> **EXERCISE**
If a record contains a picture, leave the picture out and transcribe everything else exactly.

BEGIN MATERIAL PROVIDED

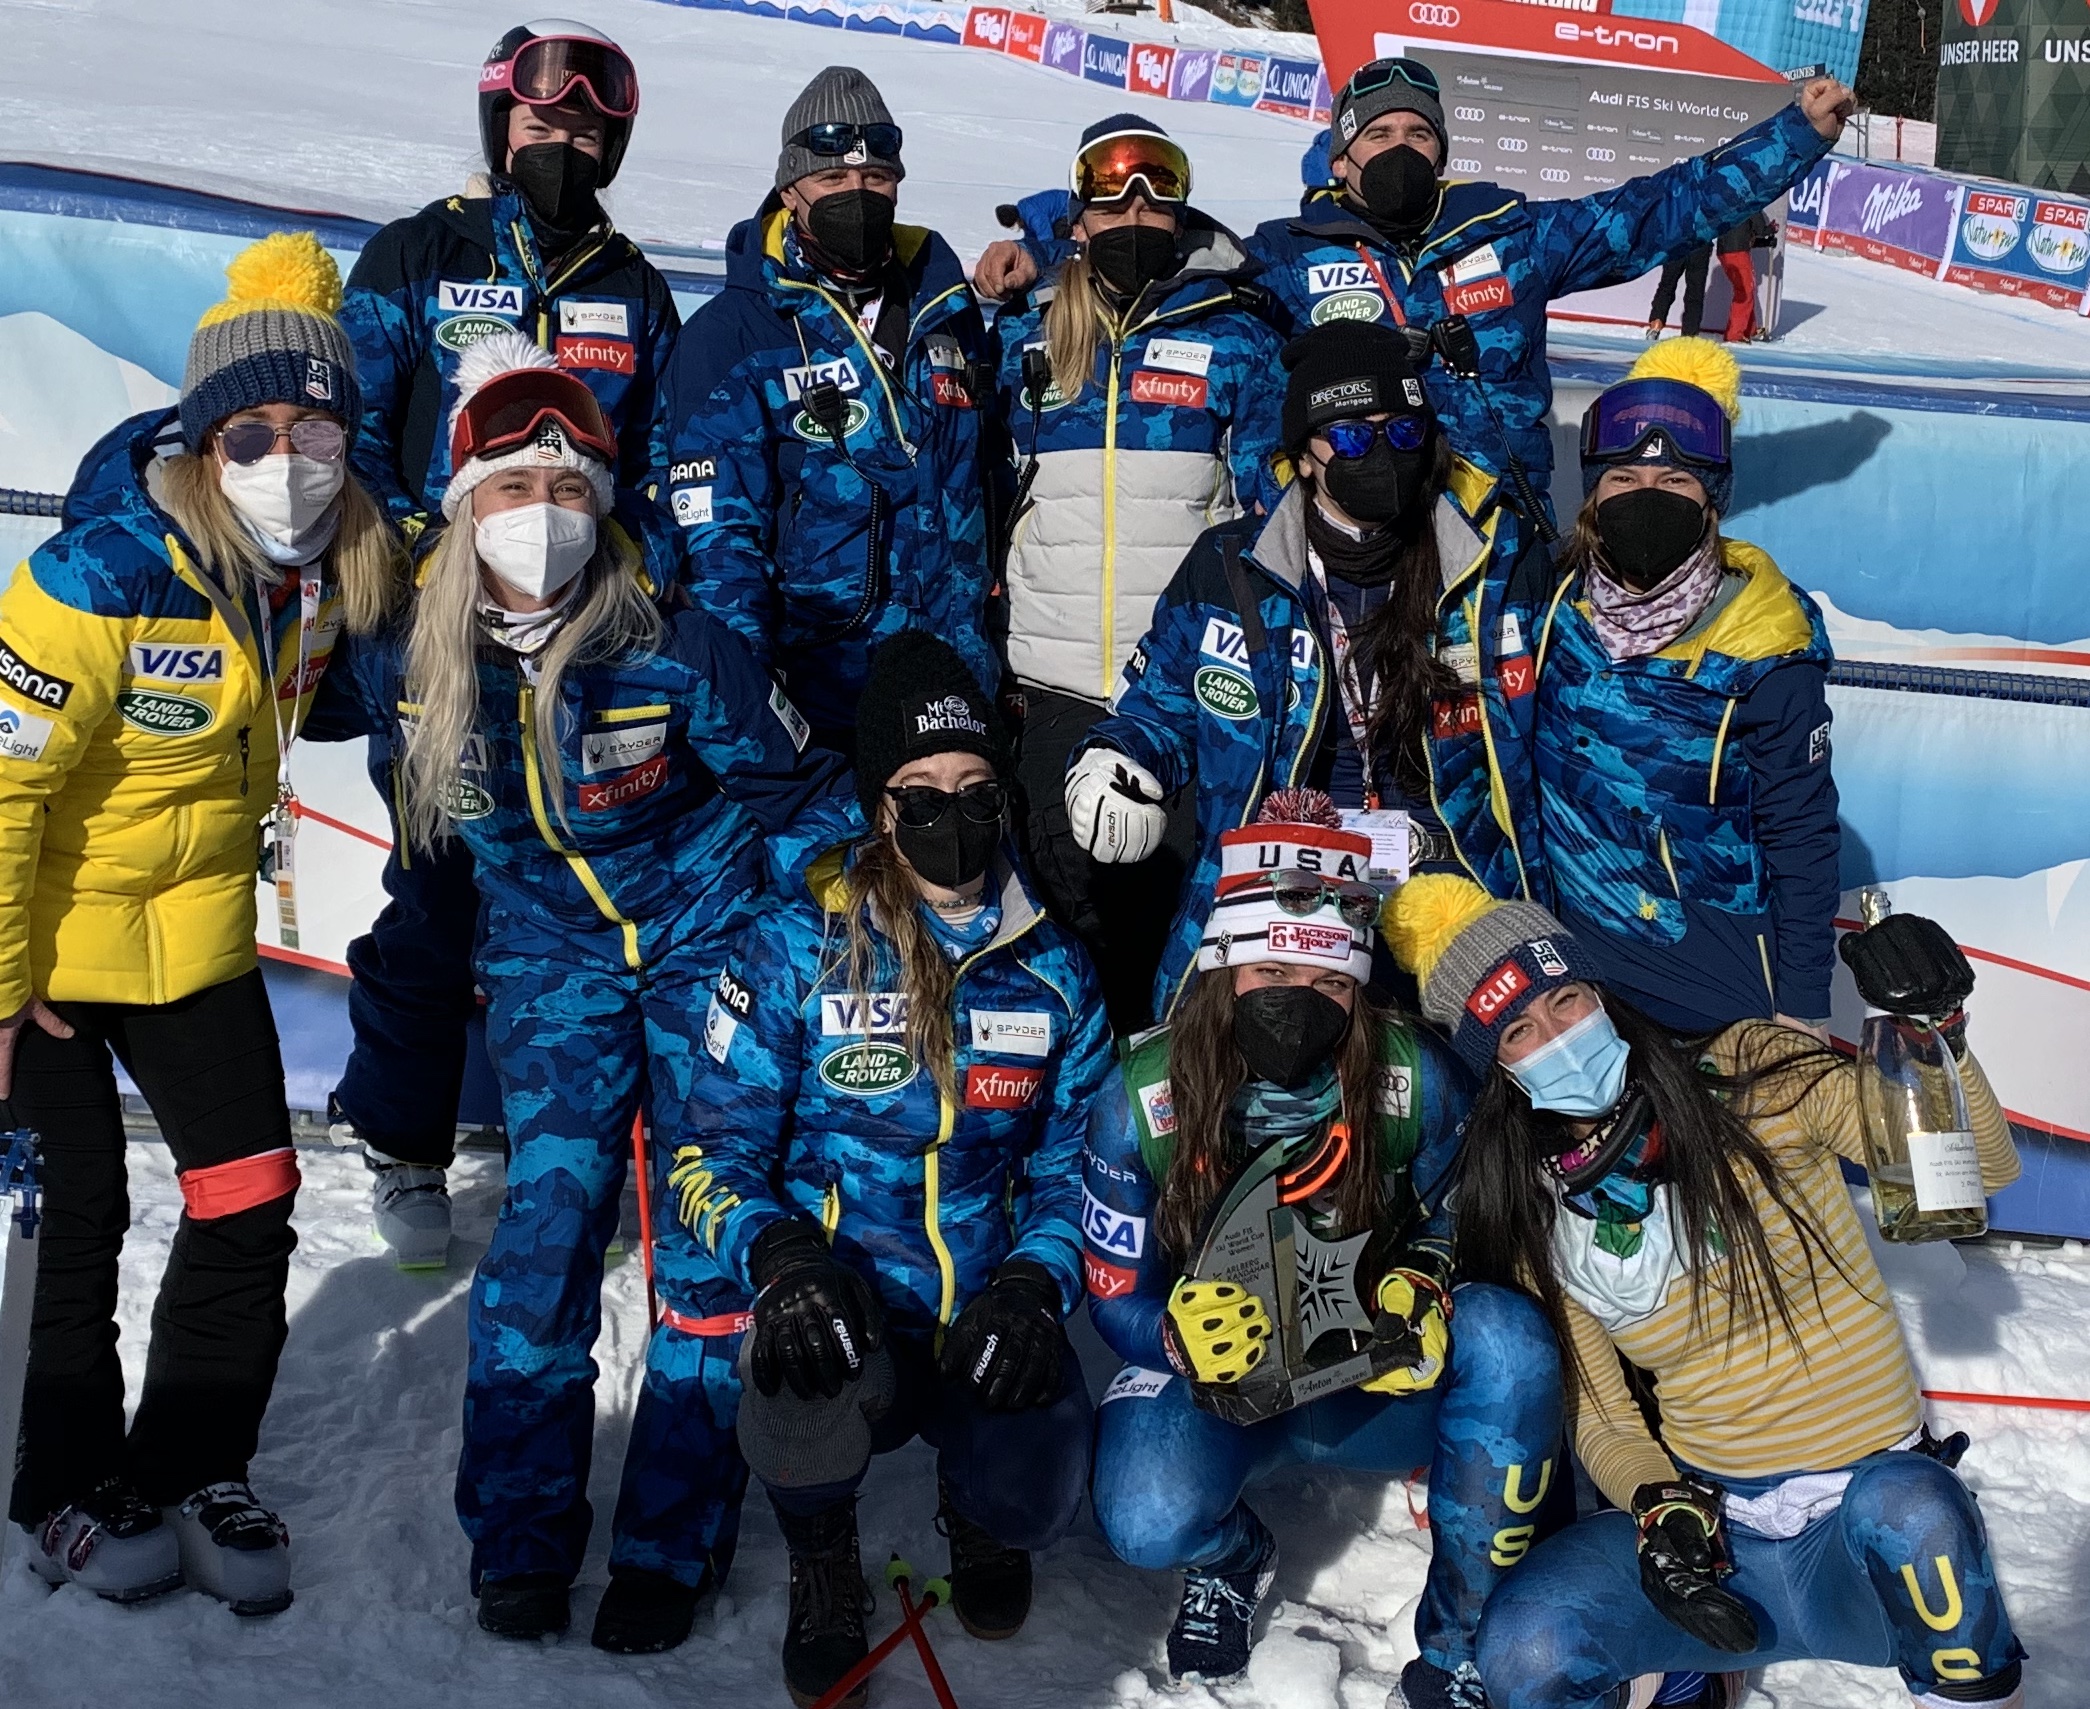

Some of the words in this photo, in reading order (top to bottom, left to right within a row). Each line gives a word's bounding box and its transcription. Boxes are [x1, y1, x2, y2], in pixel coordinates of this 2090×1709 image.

[1554, 21, 1679, 55] e-tron
[1940, 41, 1979, 66] UNSER
[1982, 39, 2019, 63] HEER
[1779, 65, 1816, 82] ONGINES
[1588, 90, 1623, 107] Audi
[1626, 94, 1650, 109] FIS
[1653, 98, 1673, 112] Ski
[1676, 101, 1719, 117] World
[1723, 107, 1749, 123] Cup
[1861, 178, 1923, 235] Milka
[1977, 197, 2014, 215] SPAR
[2043, 206, 2087, 227] SPAR
[1312, 266, 1379, 288] VISA
[444, 285, 519, 311] VISA
[1326, 299, 1359, 313] LAND
[453, 322, 494, 334] LAND
[581, 312, 623, 322] SPYDER
[563, 342, 628, 368] xfinity
[1165, 349, 1207, 361] SPYDER
[788, 361, 855, 392] VISA
[1136, 376, 1202, 401] xfinity
[670, 460, 715, 484] SANA
[135, 648, 223, 678] VISA
[1206, 672, 1242, 696] LAND
[131, 696, 184, 716] LAND
[925, 700, 949, 719] Mt
[1205, 686, 1248, 713] ROVER
[131, 706, 196, 729] ROVER
[915, 712, 987, 736] Bachelor
[609, 735, 662, 754] SPYDER
[1812, 725, 1829, 744] US
[587, 763, 662, 807] xfinity
[1288, 926, 1349, 948] JACKSON
[1298, 938, 1334, 951] HOLE
[1478, 969, 1519, 1013] CLIF
[996, 1023, 1046, 1036] SPYDER
[840, 1053, 888, 1068] LAND
[844, 1067, 901, 1084] ROVER
[975, 1073, 1039, 1102] xfinity
[1083, 1192, 1137, 1254] ISA
[832, 1317, 860, 1370] reusch
[971, 1333, 999, 1384] reusch

END MATERIAL PROVIDED

> **TASK ANSWER**
Some of the words in this photo, in reading order (top to bottom, left to right within a row). Each line gives a word's bounding box and its transcription. Boxes are [x1, y1, x2, y2], in pixel coordinates of this 2090×1709 image.

[1554, 21, 1679, 55] e-tron
[1940, 41, 1979, 66] UNSER
[1982, 39, 2019, 63] HEER
[1779, 65, 1816, 82] ONGINES
[1588, 90, 1623, 107] Audi
[1626, 94, 1650, 109] FIS
[1653, 98, 1673, 112] Ski
[1676, 101, 1719, 117] World
[1723, 107, 1749, 123] Cup
[1861, 178, 1923, 235] Milka
[1977, 197, 2014, 215] SPAR
[2043, 206, 2087, 227] SPAR
[1312, 266, 1379, 288] VISA
[444, 285, 519, 311] VISA
[1326, 299, 1359, 313] LAND
[453, 322, 494, 334] LAND
[581, 312, 623, 322] SPYDER
[563, 342, 628, 368] xfinity
[1165, 349, 1207, 361] SPYDER
[788, 361, 855, 392] VISA
[1136, 376, 1202, 401] xfinity
[670, 460, 715, 484] SANA
[135, 648, 223, 678] VISA
[1206, 672, 1242, 696] LAND
[131, 696, 184, 716] LAND
[925, 700, 949, 719] Mt
[1205, 686, 1248, 713] ROVER
[131, 706, 196, 729] ROVER
[915, 712, 987, 736] Bachelor
[609, 735, 662, 754] SPYDER
[1812, 725, 1829, 744] US
[587, 763, 662, 807] xfinity
[1288, 926, 1349, 948] JACKSON
[1298, 938, 1334, 951] HOLE
[1478, 969, 1519, 1013] CLIF
[996, 1023, 1046, 1036] SPYDER
[840, 1053, 888, 1068] LAND
[844, 1067, 901, 1084] ROVER
[975, 1073, 1039, 1102] xfinity
[1083, 1192, 1137, 1254] ISA
[832, 1317, 860, 1370] reusch
[971, 1333, 999, 1384] reusch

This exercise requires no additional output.